Bitdefender’s Online Threat Prevention module may alert you when you try to visit a secured website (HTTPS) with an invalid security certificate. It tends to be websites with lots of ads, such as news websites, and analytics companies with an expired certificate trying to establish a connection.

If you've determined that the site triggering the notification is safe and you want to access it despite the SSL certificate issue, you can add an exception for the website in Bitdefender - Protection - Online Threat Prevention - Manage Exceptions.
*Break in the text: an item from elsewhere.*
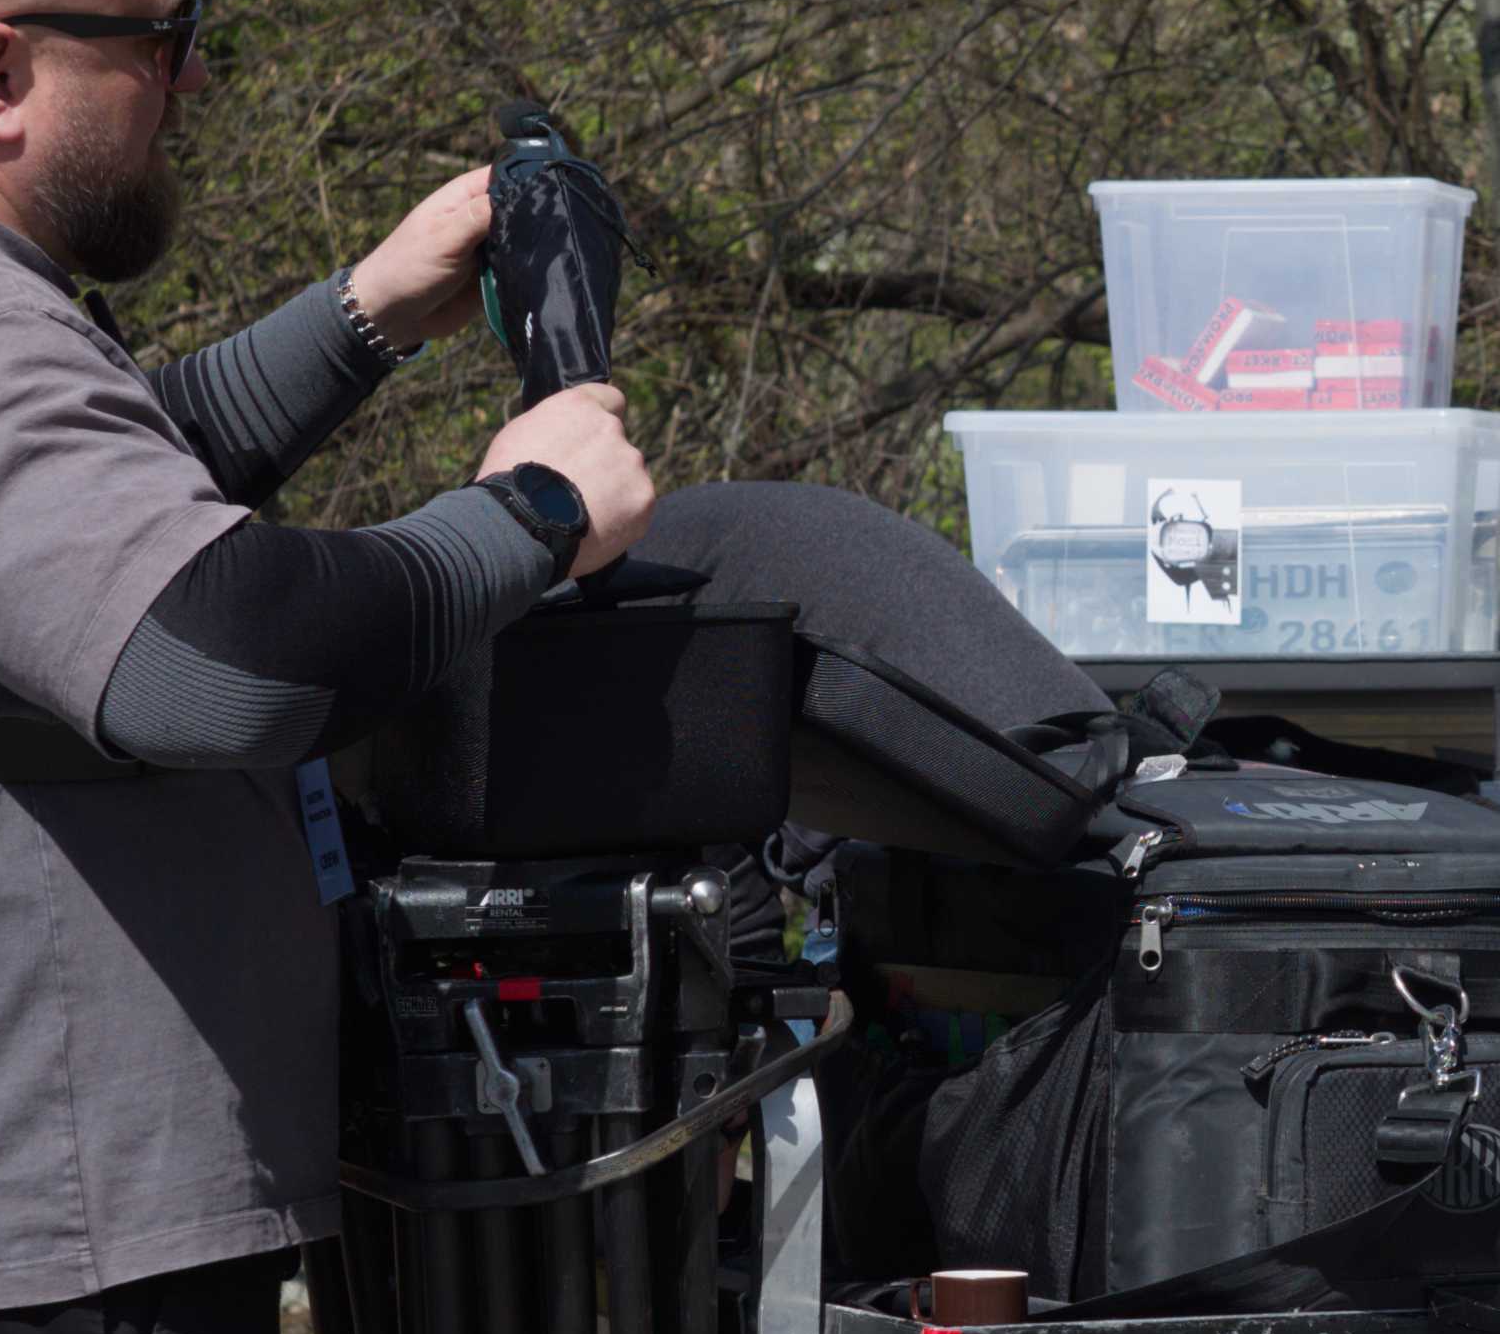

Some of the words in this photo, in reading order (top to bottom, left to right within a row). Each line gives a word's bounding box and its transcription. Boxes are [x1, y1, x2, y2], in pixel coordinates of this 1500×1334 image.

[1253, 799, 1429, 824] ARRI
[479, 889, 524, 907] ARRI
[490, 908, 525, 918] RENTAL
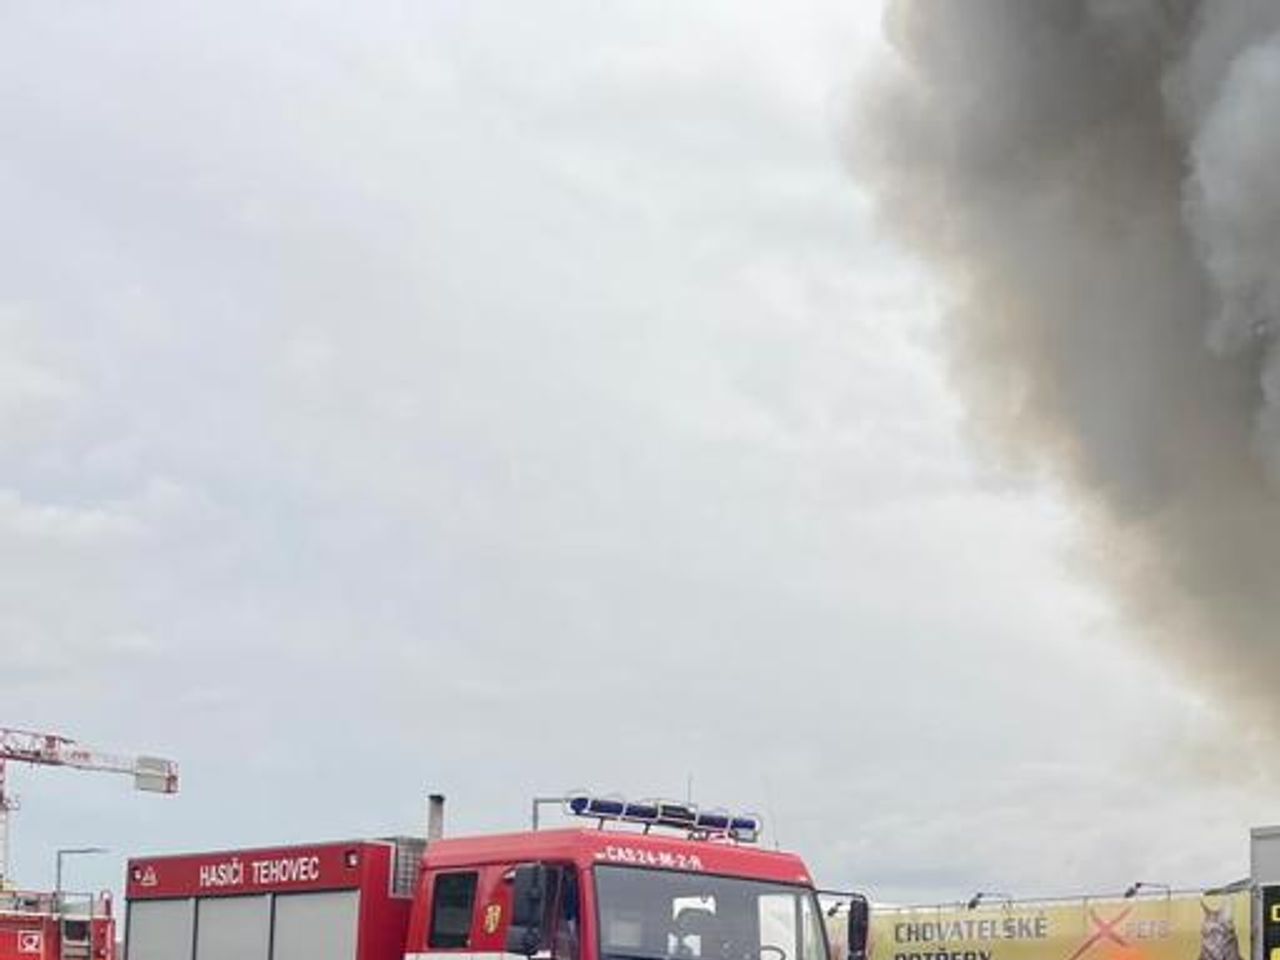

More information on this type of notification can be found here:

https://www.bitdefender.com/consumer/support/answer/2471/

I hope this helps.

Regards,

Alex

PHJAMT

I have the the same message shown in my notification board just a few days ago. Thank for the the explanation as it cleared some questions, at least on my side. Cheers.

Alexandru_BD

You're most welcome @jptaisie, I'm glad to hear you've found some useful information here, and I appreciate your feedback. 😊

Cathy Bauch

How do I determine which site is triggering this?

Alexandru_BD

Pay attention to when the detection occurs, does it happen whenever you open your browser, or when navigating on a specific page, etc. In any case, a browser reset and removing any unwanted and unknown extensions from it should be enough, as these redirects are usually browser related.
Or, a website that you are visiting has sub-domain URLs (used for their newsletters, promotional campaigns, tracking, etc.) and sometimes, these can use certificates with another name than the domain used by the website, and this may trigger the notification multiple times in a short period of time, since there would be a certificate mismatch in this scenario.

Cathy Bauch

I'm getting blocked from my Yahoo account too with a message stating "somethings wrong" I thought that might be the culprit

Alexandru_BD

I think that's a different issue.. are you also using a VPN by any chance?

Cathy Bauch

You are correct. I figured out the site it's listed on a report. I am using a VPN

sumo813

I constantly get things blocked and the messages are vague. I also just got the message indicating rtb2-useast.e-volution.ai was blocked. For determining which site, I'd say that's tough when multiple tabs are open all the time (bad habit). Anyhow, this is just more of an "I wish alerts were more detailed" comment.

Alexandru_BD

Hi @sumo813,

I think it's probably the same certificate detection and the one previously reported. Check my previous comments on this. The alert should come from the OTP module, more specifically the Encrypted web scan feature.